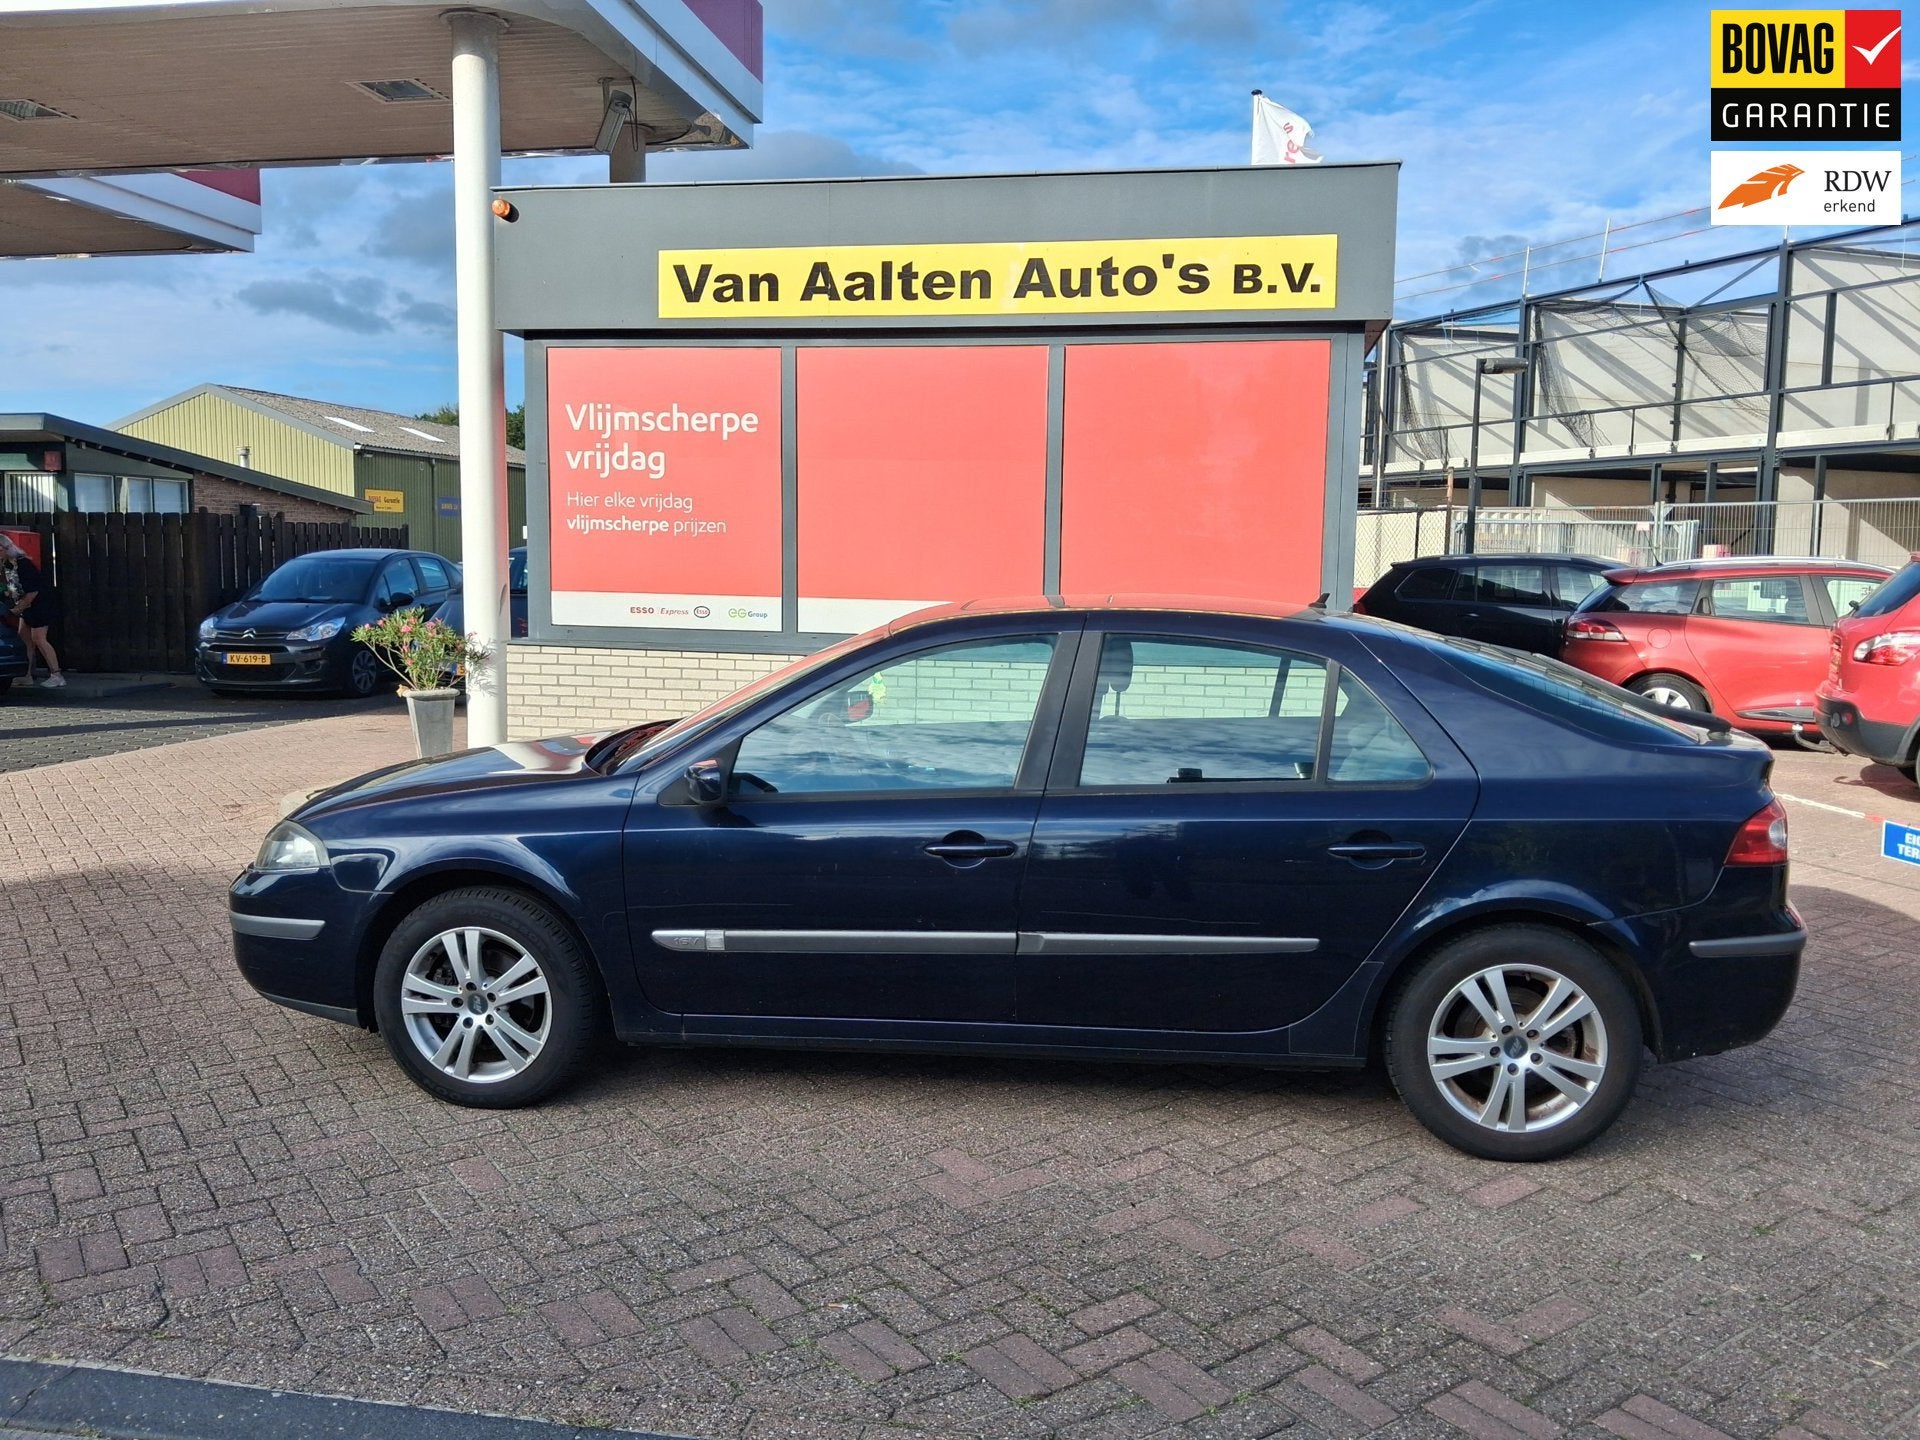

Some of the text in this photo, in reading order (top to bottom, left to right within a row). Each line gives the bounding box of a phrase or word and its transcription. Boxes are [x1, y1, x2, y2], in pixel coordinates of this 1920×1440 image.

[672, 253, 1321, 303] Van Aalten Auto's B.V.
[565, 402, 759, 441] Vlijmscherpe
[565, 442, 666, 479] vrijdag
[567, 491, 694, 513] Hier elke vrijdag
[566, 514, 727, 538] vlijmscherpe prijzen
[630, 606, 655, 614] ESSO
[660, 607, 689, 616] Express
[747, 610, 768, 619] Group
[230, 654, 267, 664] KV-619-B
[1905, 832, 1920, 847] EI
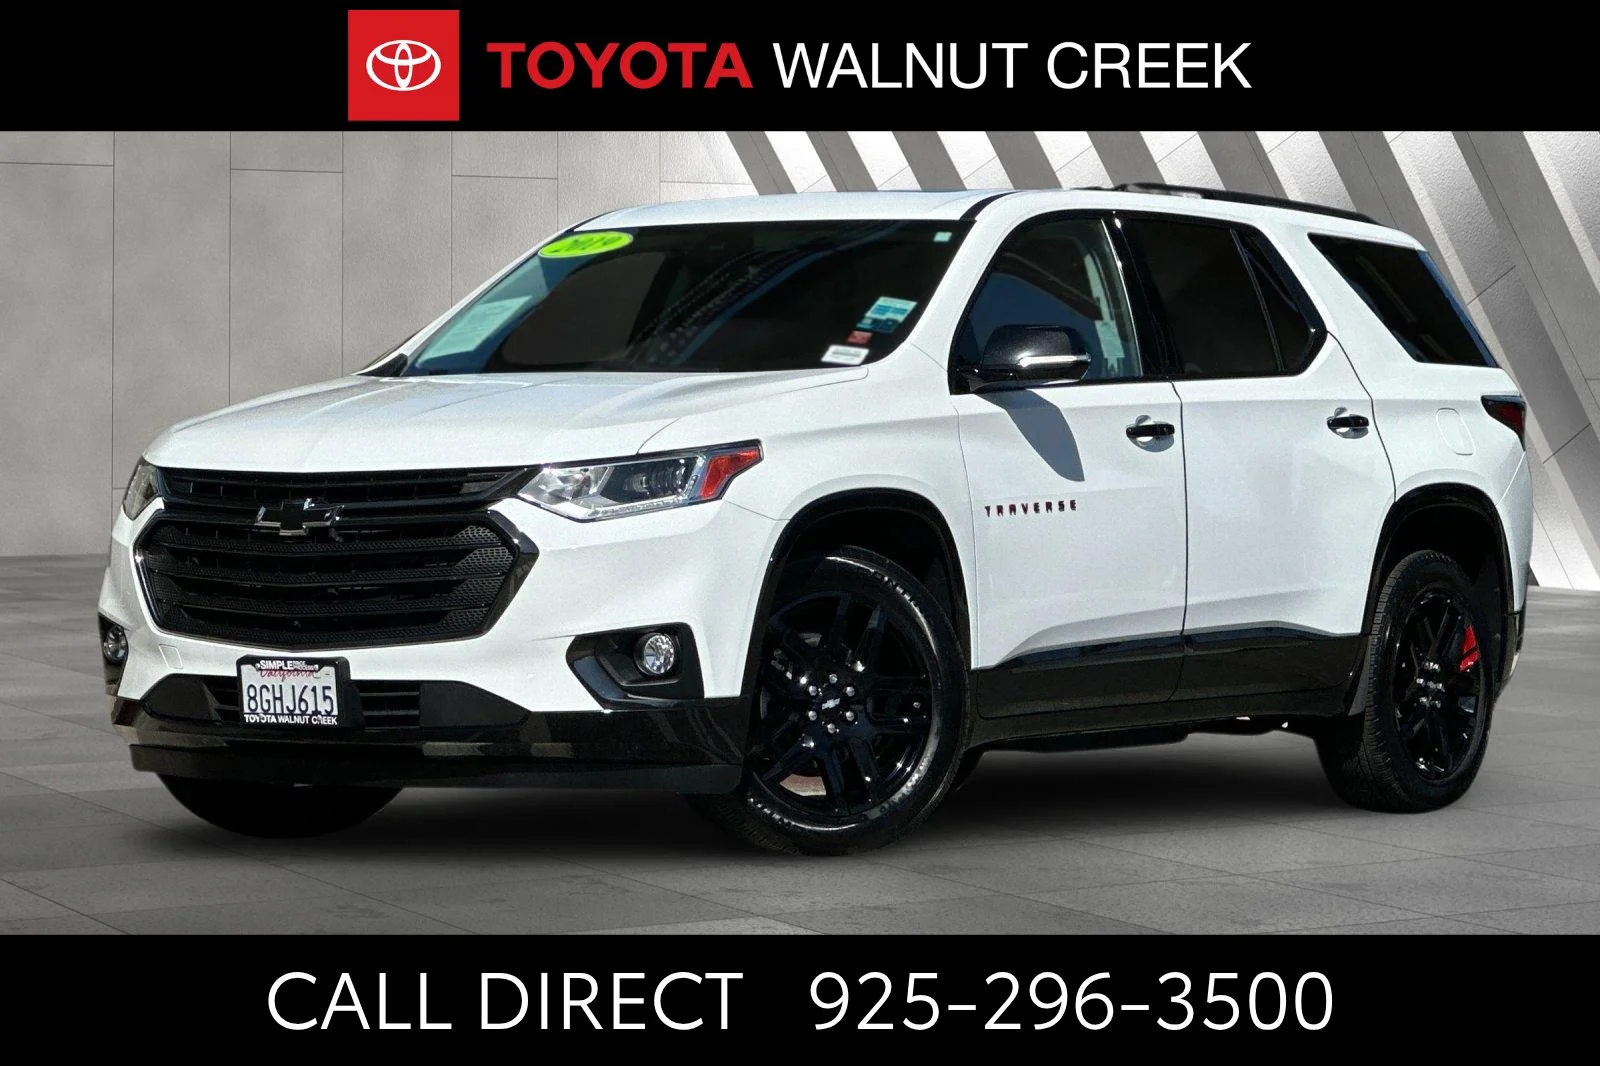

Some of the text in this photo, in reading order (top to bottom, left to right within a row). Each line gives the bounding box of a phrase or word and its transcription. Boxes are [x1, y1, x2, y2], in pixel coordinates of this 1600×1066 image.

###

**Exercise description:**
Without including any picture, print all of the entries above exactly.

**Reply to the exercise:**
Some of the text in this photo, in reading order (top to bottom, left to right within a row). Each line gives the bounding box of a phrase or word and its transcription. Boxes are [x1, y1, x2, y2], in pixel coordinates of this 1920×1440 image.

[672, 253, 1321, 303] Van Aalten Auto's B.V.
[565, 402, 759, 441] Vlijmscherpe
[565, 442, 666, 479] vrijdag
[567, 491, 694, 513] Hier elke vrijdag
[566, 514, 727, 538] vlijmscherpe prijzen
[630, 606, 655, 614] ESSO
[660, 607, 689, 616] Express
[747, 610, 768, 619] Group
[230, 654, 267, 664] KV-619-B
[1905, 832, 1920, 847] EI

Some of the text in this photo, in reading order (top to bottom, left to right within a row). Each line gives the bounding box of a phrase or word and its transcription. Boxes are [x1, y1, x2, y2], in pixel coordinates of this 1600×1066 image.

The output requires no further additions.